TASK TO CARRY OUT
Leave out the pictures, and quote exactly the lines running from the one with "this 1100×1808 image." through the last line of the entries below.

DATA FOR THIS TASK

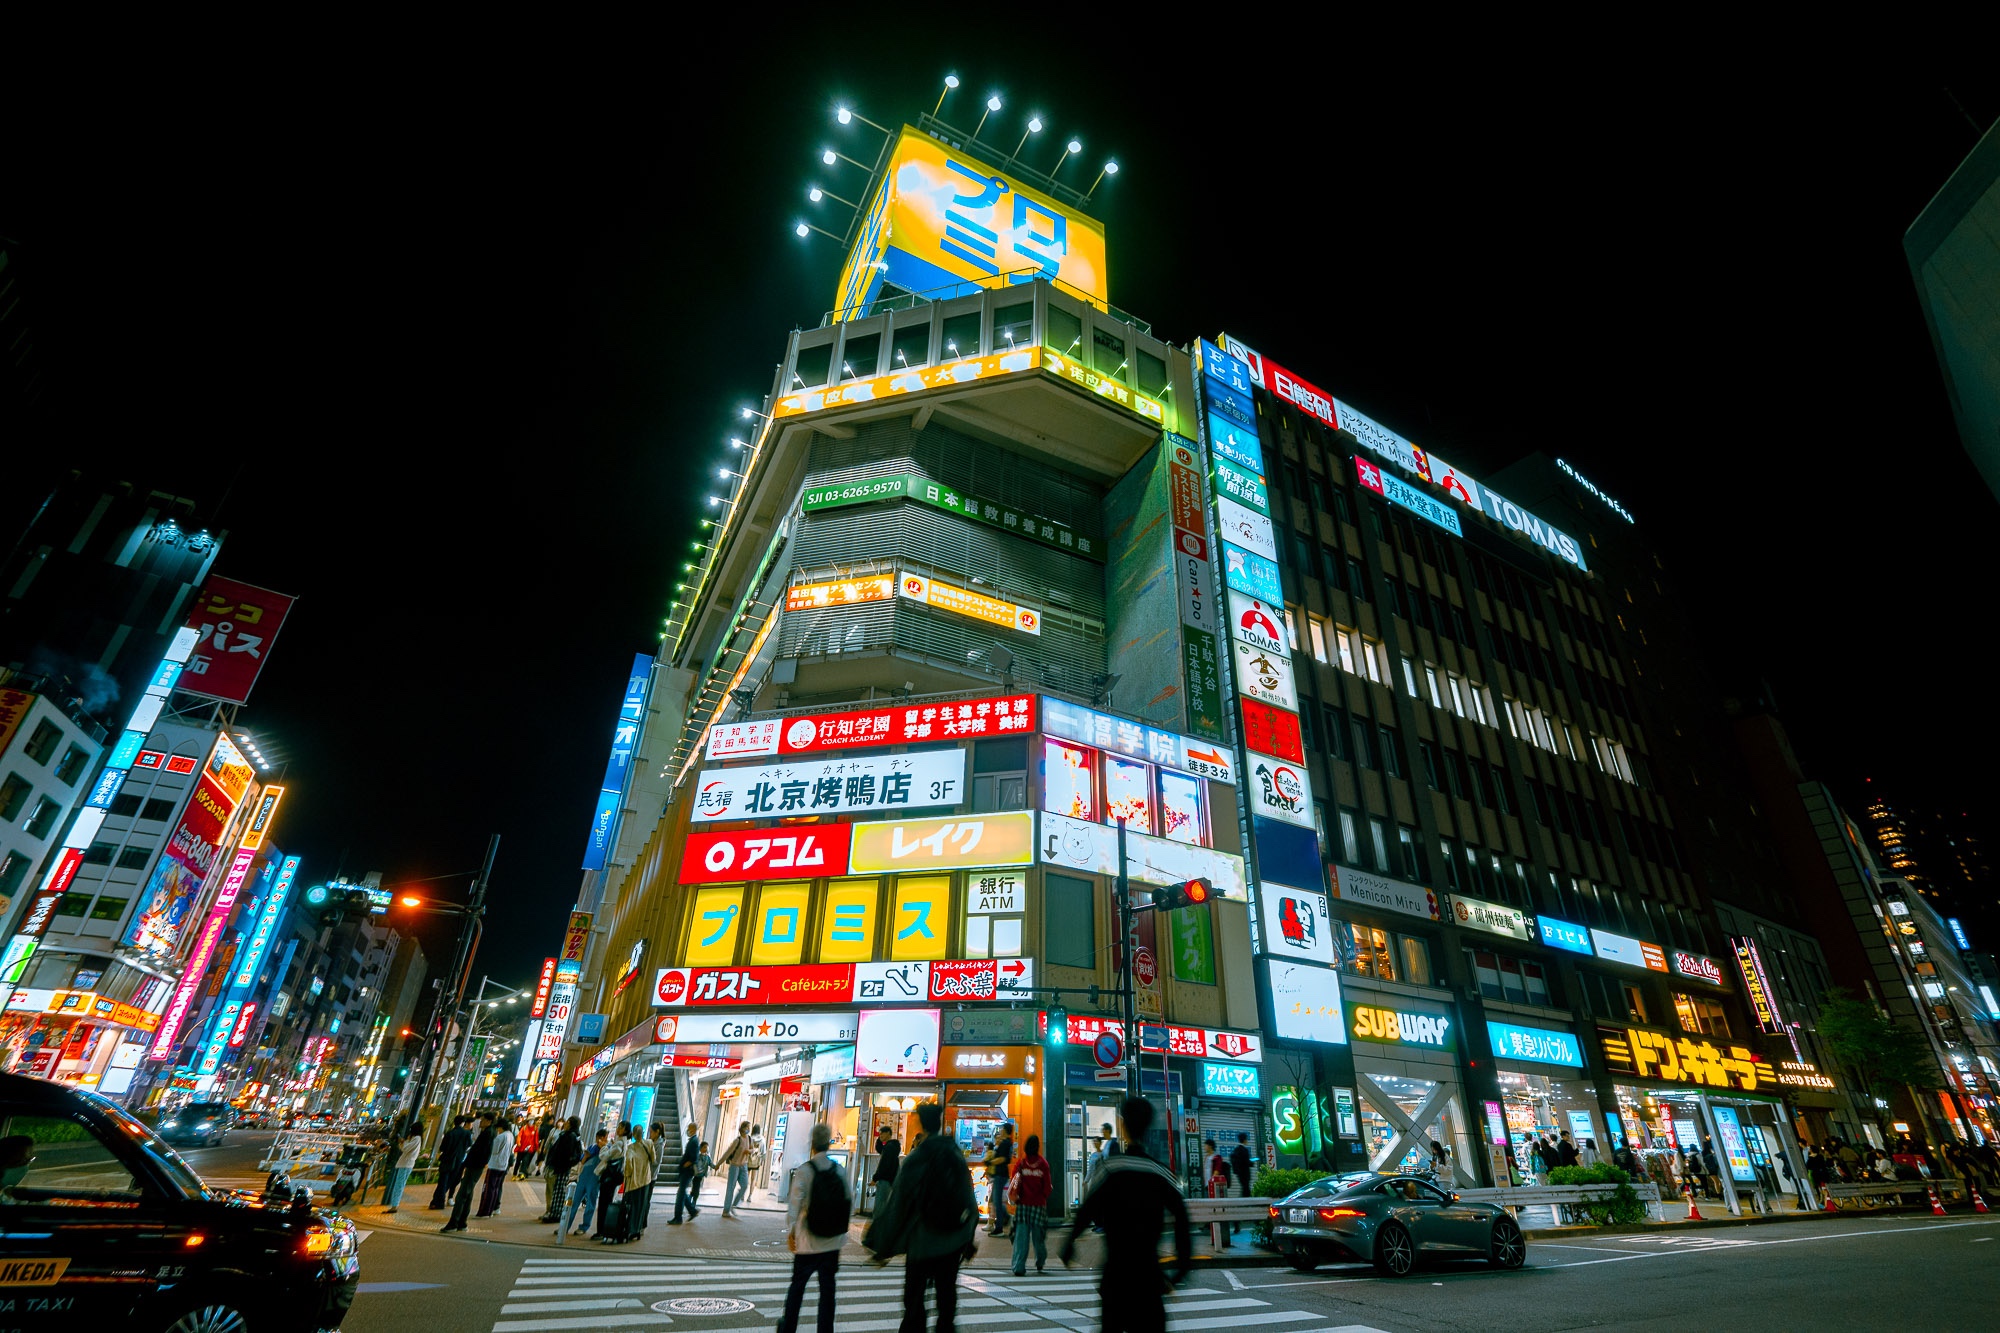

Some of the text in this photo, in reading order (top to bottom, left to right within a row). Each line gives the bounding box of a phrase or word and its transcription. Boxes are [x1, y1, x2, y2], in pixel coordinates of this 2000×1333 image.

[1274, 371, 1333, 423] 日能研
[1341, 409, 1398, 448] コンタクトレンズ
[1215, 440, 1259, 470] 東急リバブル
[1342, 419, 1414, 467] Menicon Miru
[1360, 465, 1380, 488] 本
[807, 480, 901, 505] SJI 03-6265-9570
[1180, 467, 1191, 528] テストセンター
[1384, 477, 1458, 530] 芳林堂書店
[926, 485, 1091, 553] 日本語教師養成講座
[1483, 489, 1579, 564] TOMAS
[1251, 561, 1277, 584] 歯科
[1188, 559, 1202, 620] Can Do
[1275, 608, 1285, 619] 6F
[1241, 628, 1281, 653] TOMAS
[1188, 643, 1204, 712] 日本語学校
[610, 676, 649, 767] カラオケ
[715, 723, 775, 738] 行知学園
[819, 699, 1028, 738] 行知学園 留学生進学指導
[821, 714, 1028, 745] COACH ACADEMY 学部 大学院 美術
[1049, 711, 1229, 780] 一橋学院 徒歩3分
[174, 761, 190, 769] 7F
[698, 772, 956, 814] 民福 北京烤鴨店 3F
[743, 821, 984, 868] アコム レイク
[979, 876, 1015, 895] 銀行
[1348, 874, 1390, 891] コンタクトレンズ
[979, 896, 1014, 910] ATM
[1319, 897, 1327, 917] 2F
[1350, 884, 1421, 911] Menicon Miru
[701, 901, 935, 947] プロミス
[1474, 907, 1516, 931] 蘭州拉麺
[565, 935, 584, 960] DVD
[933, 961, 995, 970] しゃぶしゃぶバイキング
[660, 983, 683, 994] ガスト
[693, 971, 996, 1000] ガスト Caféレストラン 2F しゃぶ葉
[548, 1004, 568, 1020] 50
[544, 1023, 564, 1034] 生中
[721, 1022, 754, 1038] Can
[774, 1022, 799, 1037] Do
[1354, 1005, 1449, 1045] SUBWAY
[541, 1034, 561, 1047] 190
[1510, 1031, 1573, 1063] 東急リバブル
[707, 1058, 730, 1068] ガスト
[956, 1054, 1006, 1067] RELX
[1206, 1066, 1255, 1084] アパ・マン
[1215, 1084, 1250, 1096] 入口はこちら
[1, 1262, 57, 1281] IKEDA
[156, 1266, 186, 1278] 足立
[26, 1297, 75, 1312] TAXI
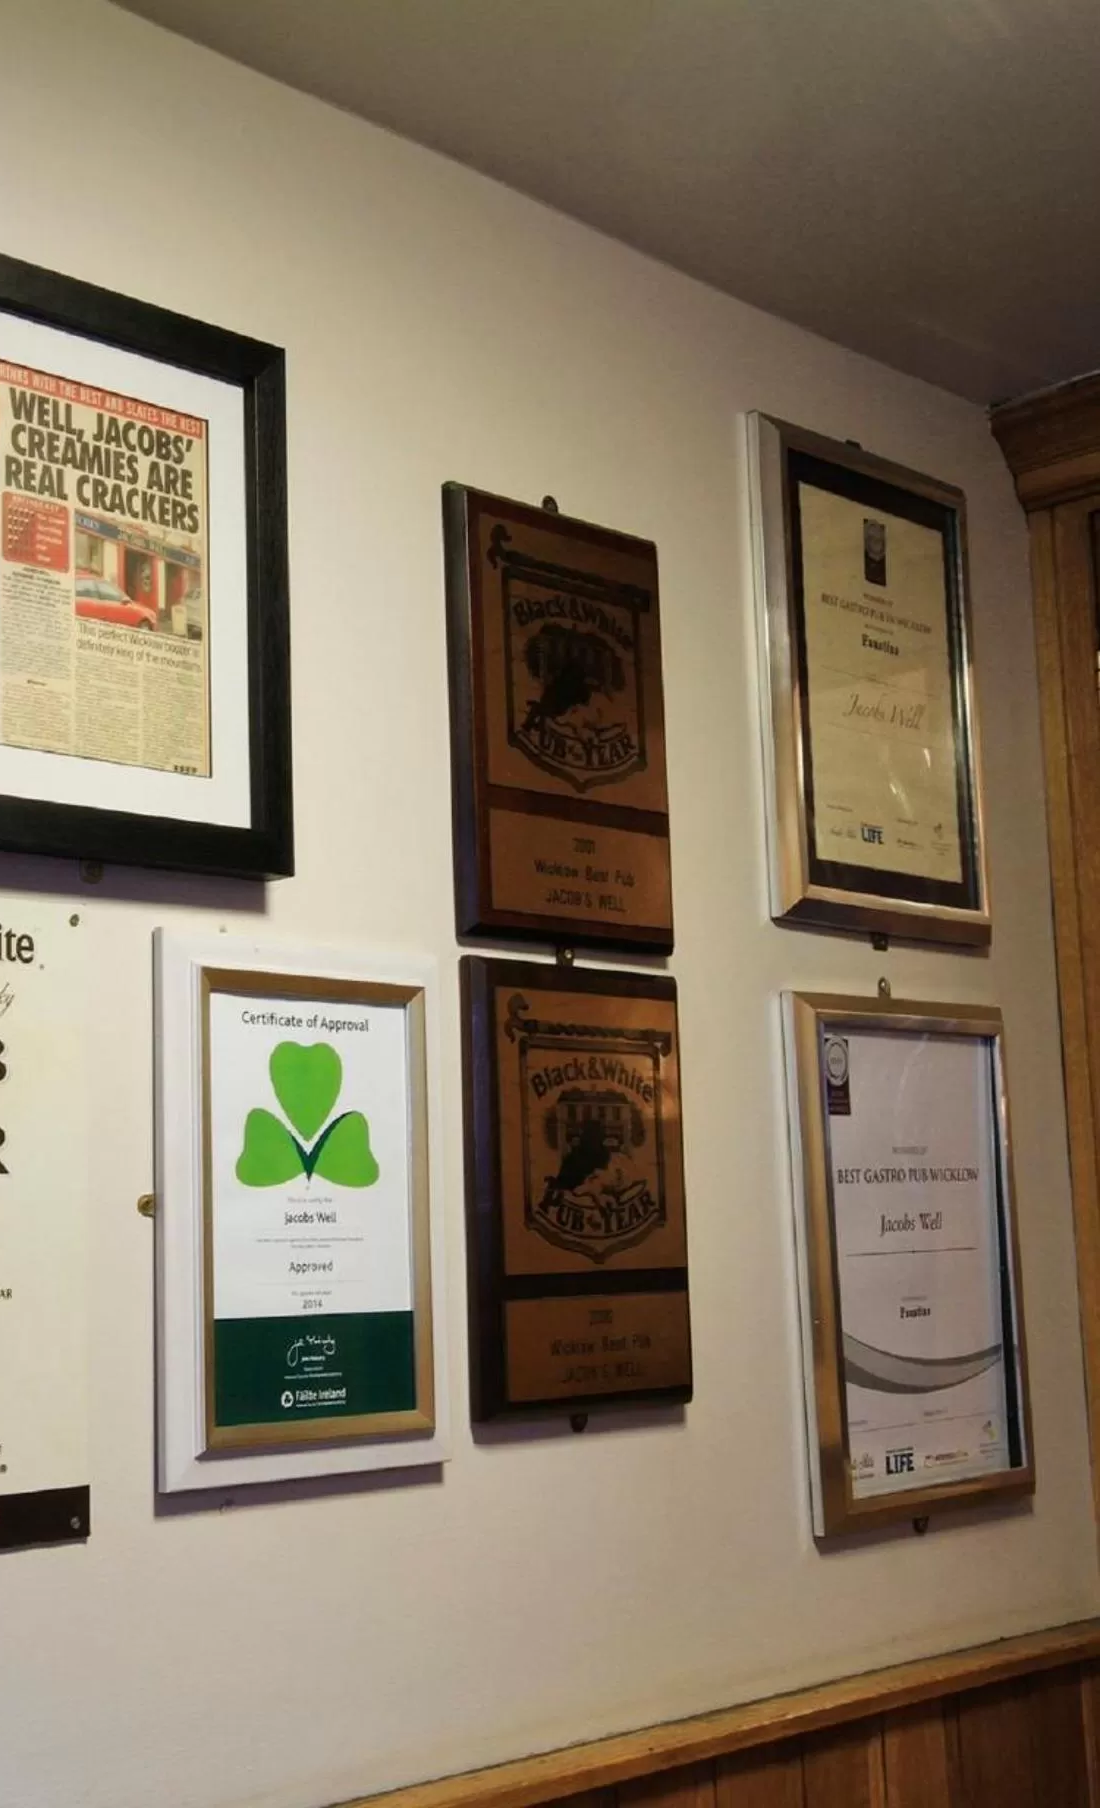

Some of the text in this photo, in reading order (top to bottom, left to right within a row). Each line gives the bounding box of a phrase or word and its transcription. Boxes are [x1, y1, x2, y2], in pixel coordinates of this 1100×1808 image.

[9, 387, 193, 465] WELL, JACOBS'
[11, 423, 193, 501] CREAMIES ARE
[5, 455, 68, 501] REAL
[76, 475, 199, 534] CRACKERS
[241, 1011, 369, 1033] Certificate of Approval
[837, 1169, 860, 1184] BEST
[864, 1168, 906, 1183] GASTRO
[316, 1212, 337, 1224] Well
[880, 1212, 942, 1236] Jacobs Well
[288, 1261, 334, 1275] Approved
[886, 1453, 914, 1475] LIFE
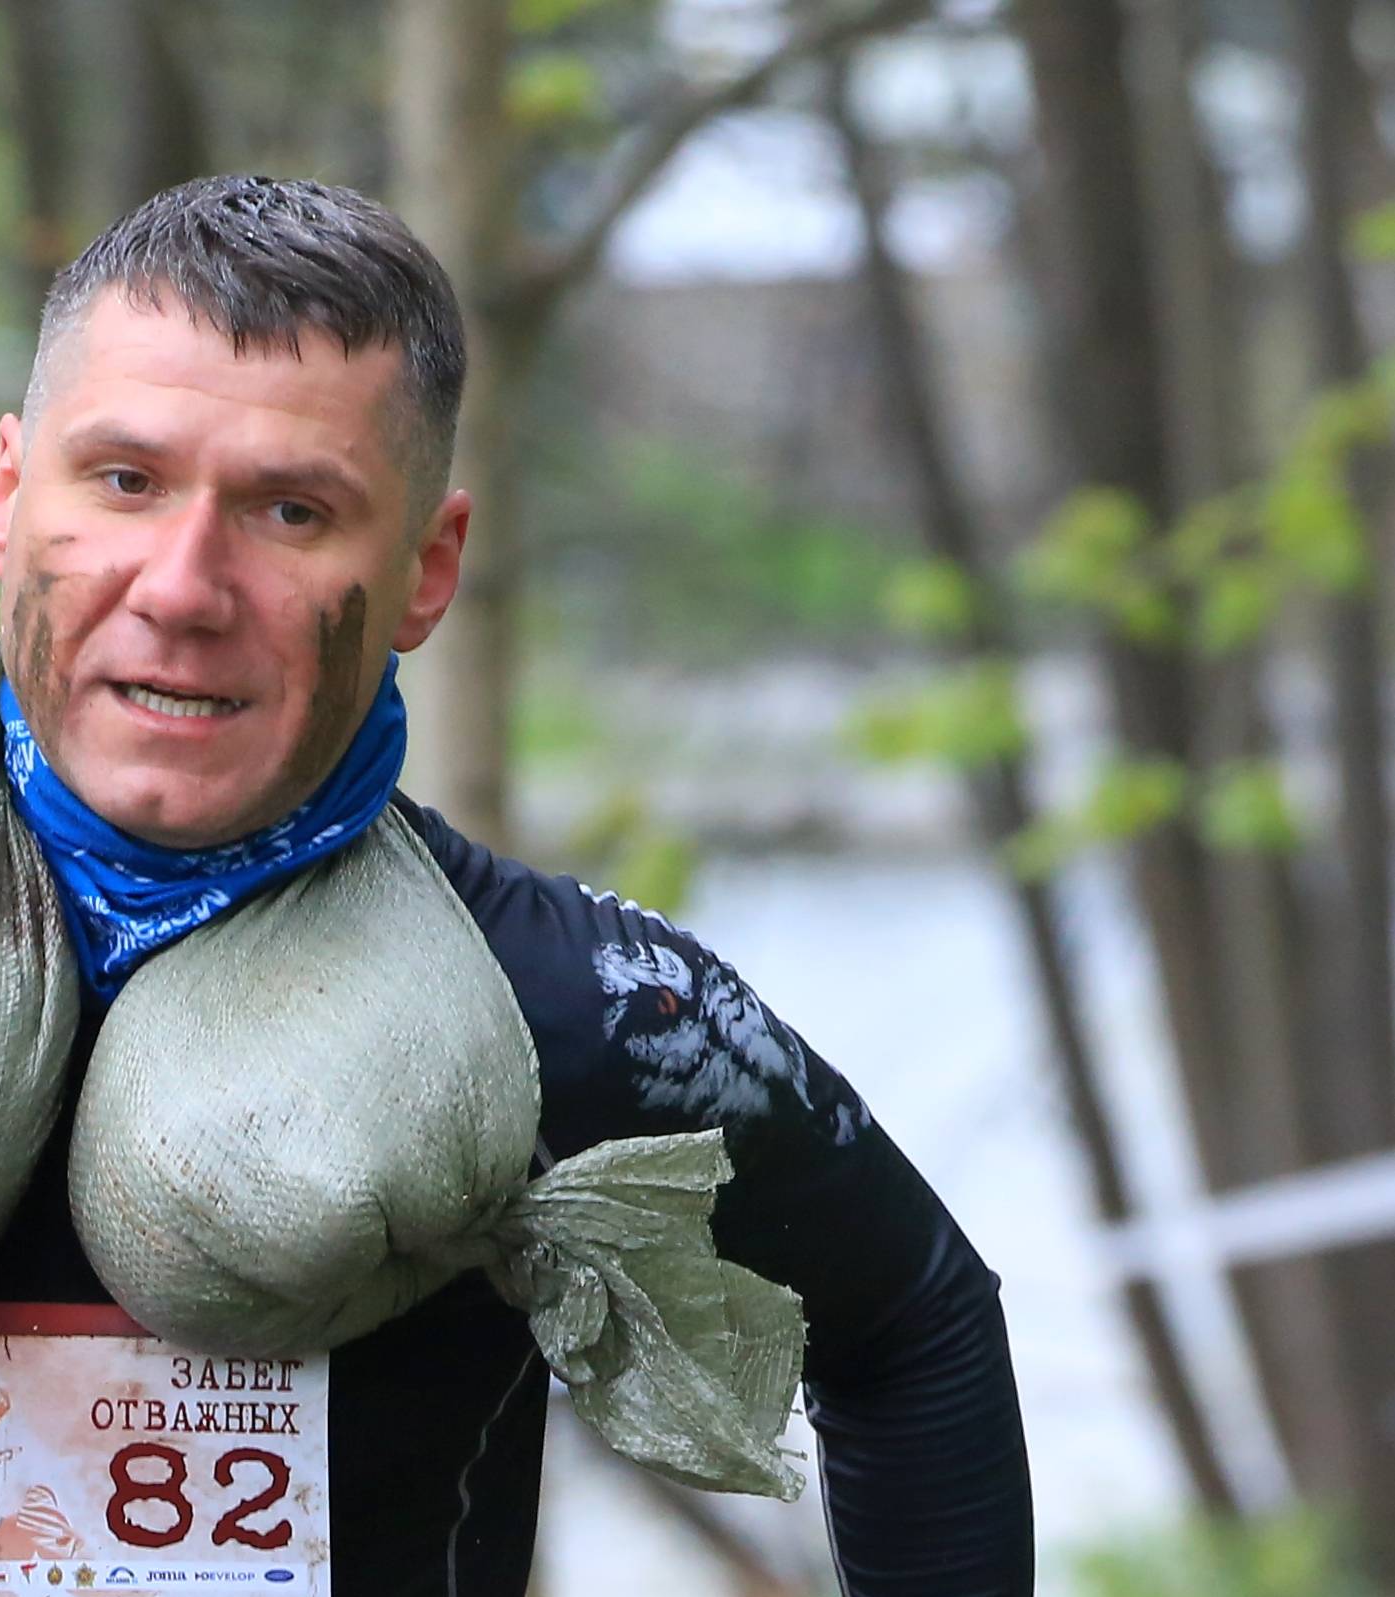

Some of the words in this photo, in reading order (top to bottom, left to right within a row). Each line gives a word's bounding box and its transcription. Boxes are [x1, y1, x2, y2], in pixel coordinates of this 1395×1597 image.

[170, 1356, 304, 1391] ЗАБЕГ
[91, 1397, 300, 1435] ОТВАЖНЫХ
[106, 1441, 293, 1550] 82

THE ANSWER
Some of the text in this photo, in reading order (top to bottom, left to right within a row). Each line gives the bounding box of a phrase or word and its transcription. Boxes are [x1, y1, x2, y2], in pixel coordinates of this 1100×1808 image.

[9, 387, 193, 465] WELL, JACOBS'
[11, 423, 193, 501] CREAMIES ARE
[5, 455, 68, 501] REAL
[76, 475, 199, 534] CRACKERS
[241, 1011, 369, 1033] Certificate of Approval
[837, 1169, 860, 1184] BEST
[864, 1168, 906, 1183] GASTRO
[316, 1212, 337, 1224] Well
[880, 1212, 942, 1236] Jacobs Well
[288, 1261, 334, 1275] Approved
[886, 1453, 914, 1475] LIFE

Some of the words in this photo, in reading order (top to bottom, left to right within a row). Each line gives a word's bounding box and its transcription. Boxes are [x1, y1, x2, y2], in pixel coordinates of this 1395×1597 image.

[170, 1356, 304, 1391] ЗАБЕГ
[91, 1397, 300, 1435] ОТВАЖНЫХ
[106, 1441, 293, 1550] 82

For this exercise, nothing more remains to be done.